In the weeks that followed, a church report claims that bodies floated ashore, some with limbs cut off, women with breasts removed, men with penises cut off. The bodies of two women washed ashore on an outer island – they were tied together at their legs and their vaginas had been crammed with newspaper. Churches on Biak have documented the recovery of a total of 70 bodies, including those of young children, that either washed ashore or were recovered from fishing nets.

Sketchy reports about the massacre filtered out. But it was not until two Australian aid workers who were present during the massacre, Rebecca Casey and Paul Meixner, returned to Australia and told their story that a few reports began to appear in the Australian media. The Sydney Morning Herald ran a story in November 1998. The two aid workers did not witness the killings and beatings – they had been told by Biak friends to hide in a house for three days.

The fate of five Australian journalists who witnessed the invasion of East Timor in 1975 must surely have been on their minds. Despite having authorised an official intelligence report into the massacre – compiled by Major Dan Weadon, an intelligence officer attached to the Jakarta embassy – the Australian Government refused to publicly condemn the Indonesian atrocities. And despite attempts by the Australia West Papua Association, including an unsuccessful "Freedom of Information" application, the Weadon report has never been made public.

In an article in the Sun-Herald in November 2001, Captain Andrew Plunkett, a serving intelligence officer with the Australian Defence Force, claimed that the Biak massacre "was a dress rehearsal for the TNI [Indonesian army] in East Timor". And, in what the Sun-Herald article described as a "stunning and unorthodox attack on foreign policy by a serving officer", Captain Plunkett went on to accuse the Australian Government of "giving a green light" to the Indonesian military's subsequent atrocities in East Timor "by turning a blind eye and not raising an official public protest" against Indonesia's behaviour in Biak.

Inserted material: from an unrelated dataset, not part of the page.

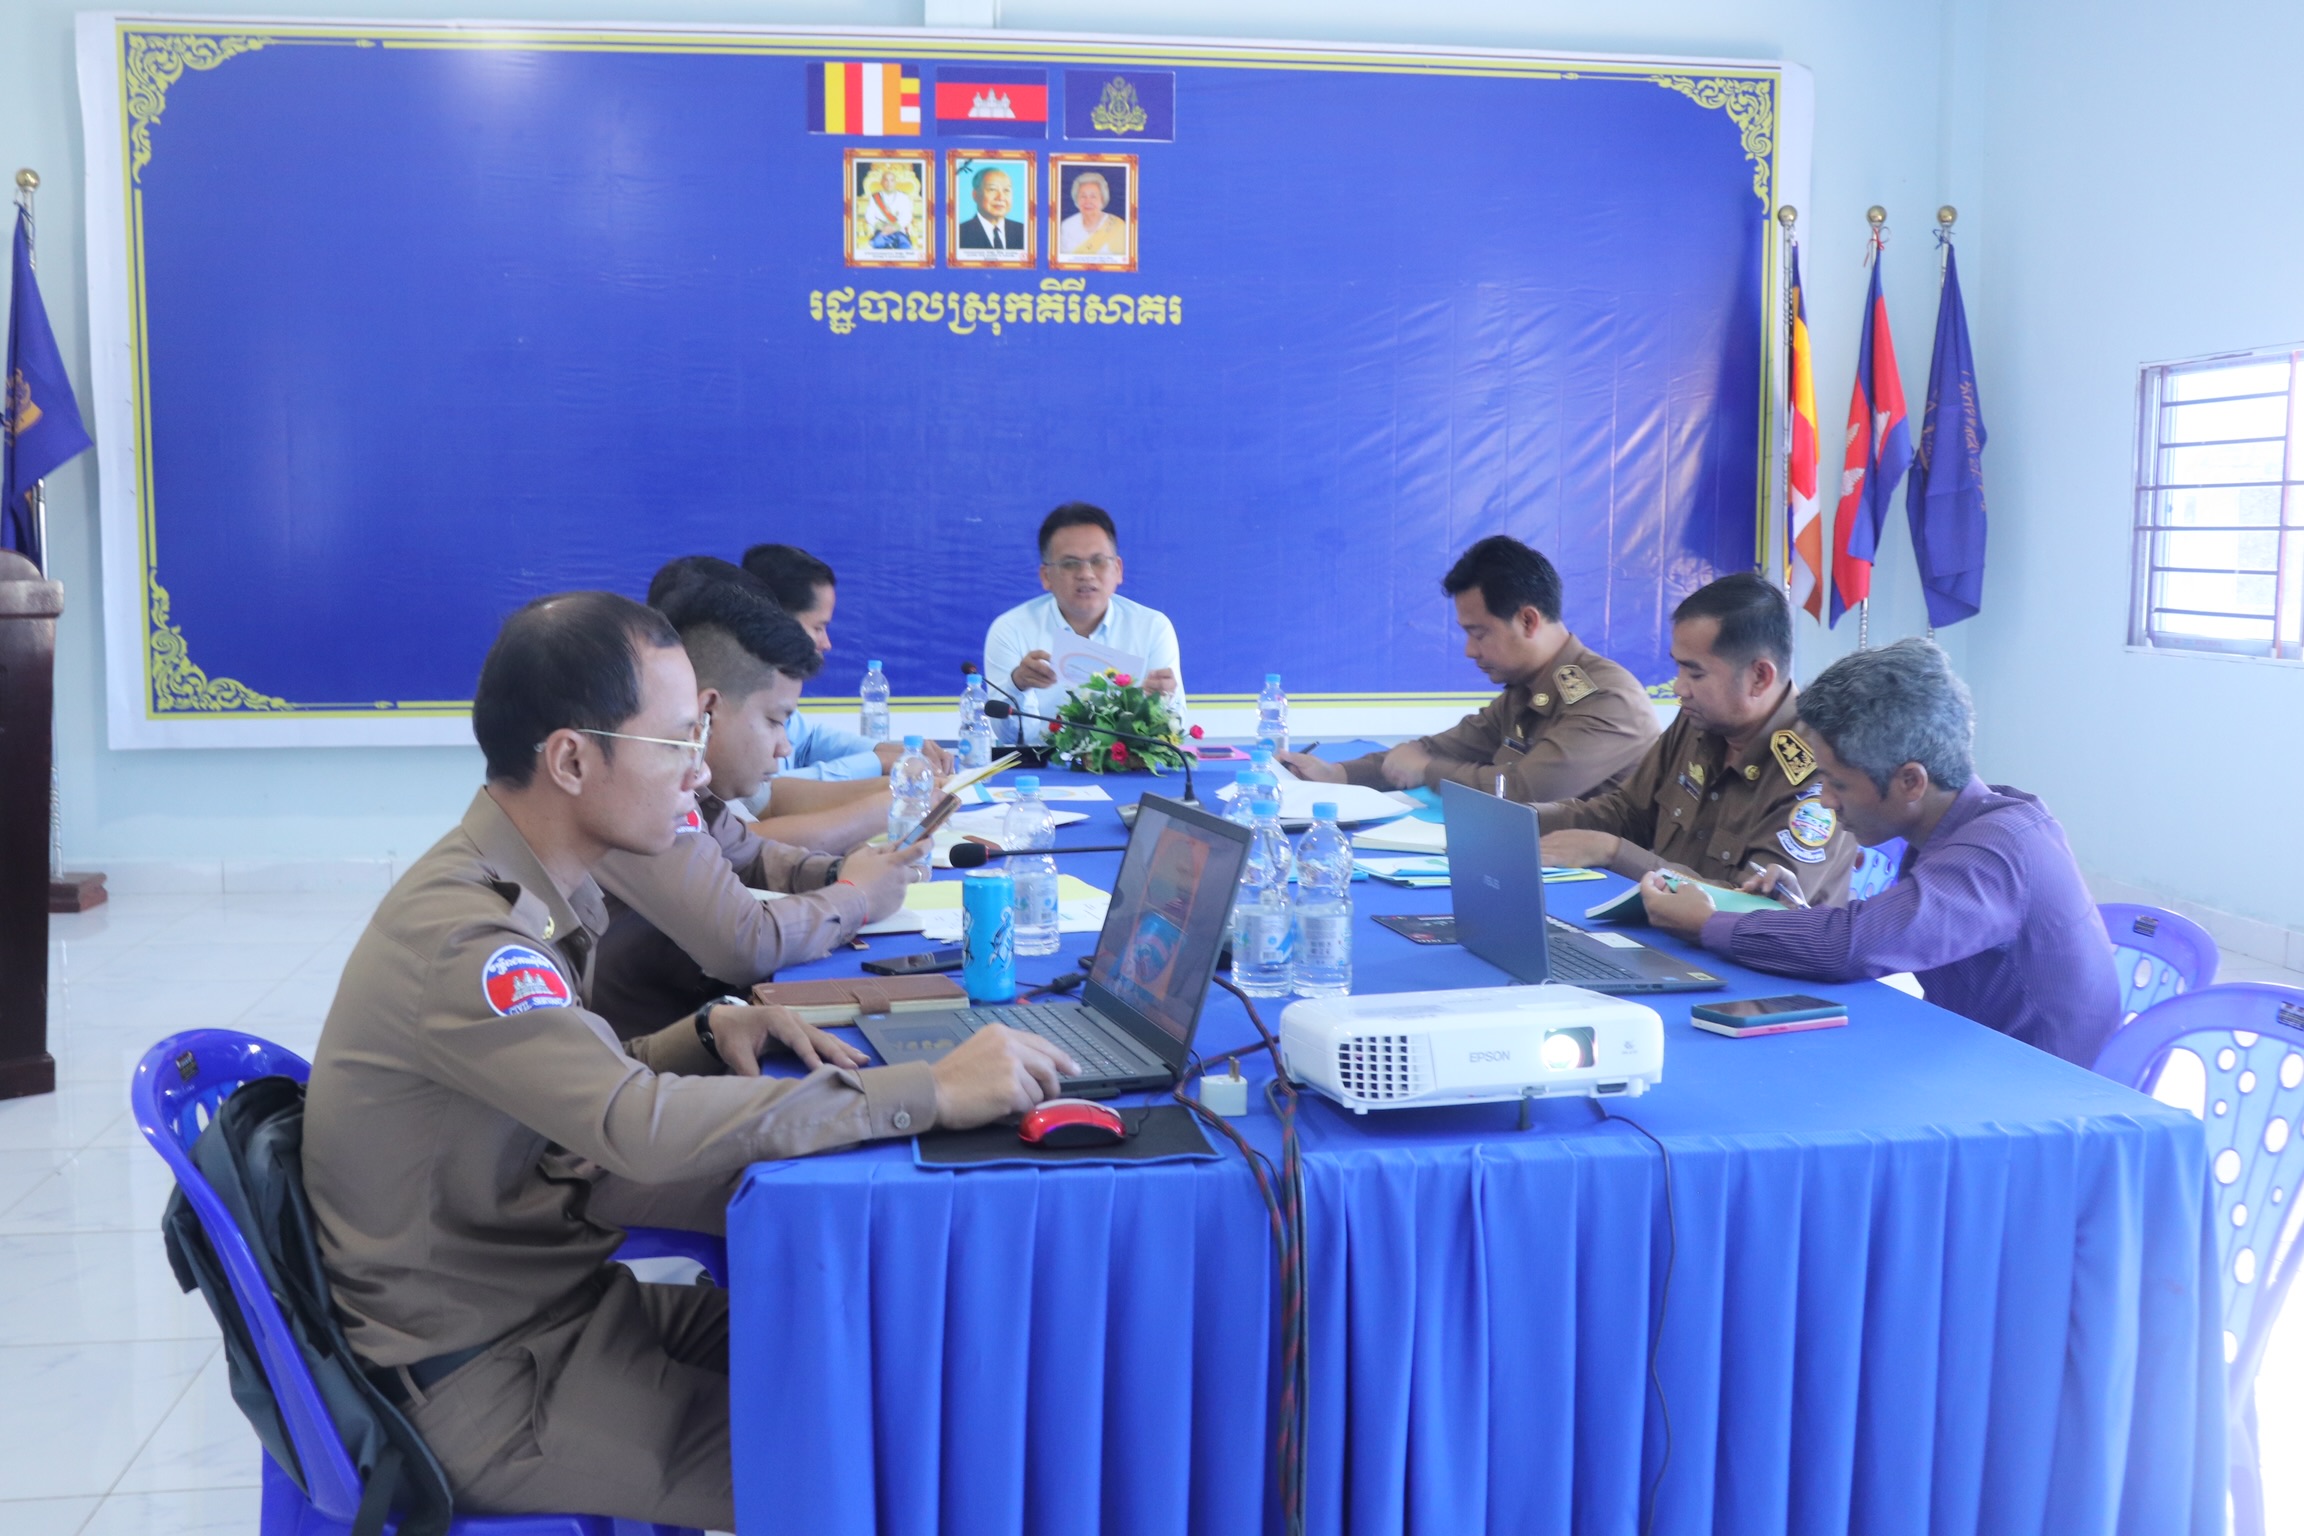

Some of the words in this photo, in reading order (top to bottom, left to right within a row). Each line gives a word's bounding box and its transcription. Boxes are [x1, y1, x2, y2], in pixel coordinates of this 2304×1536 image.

[809, 277, 1183, 336] រដ្ឋបាលស្រុកគិរីសាគរ
[1469, 1050, 1511, 1063] EPSON

It's a testimony to the strength and integrity of Papuan people that despite the years of abuse by Indonesian security forces, they have maintained their 1988 pledge to pursue a non-violent struggle based, as they say, on "love and peace".

At the end of my meeting with the Biak women, they told me that they would like to be able to travel overseas and tell the story of the massacre to the outside world – a world that has, for 40 years, ignored the plight of these people. And as I was leaving, in a show of solidarity and defiance the women chanted Merdeka! Merdeka! Merdeka! – Freedom! Freedom! Freedom!.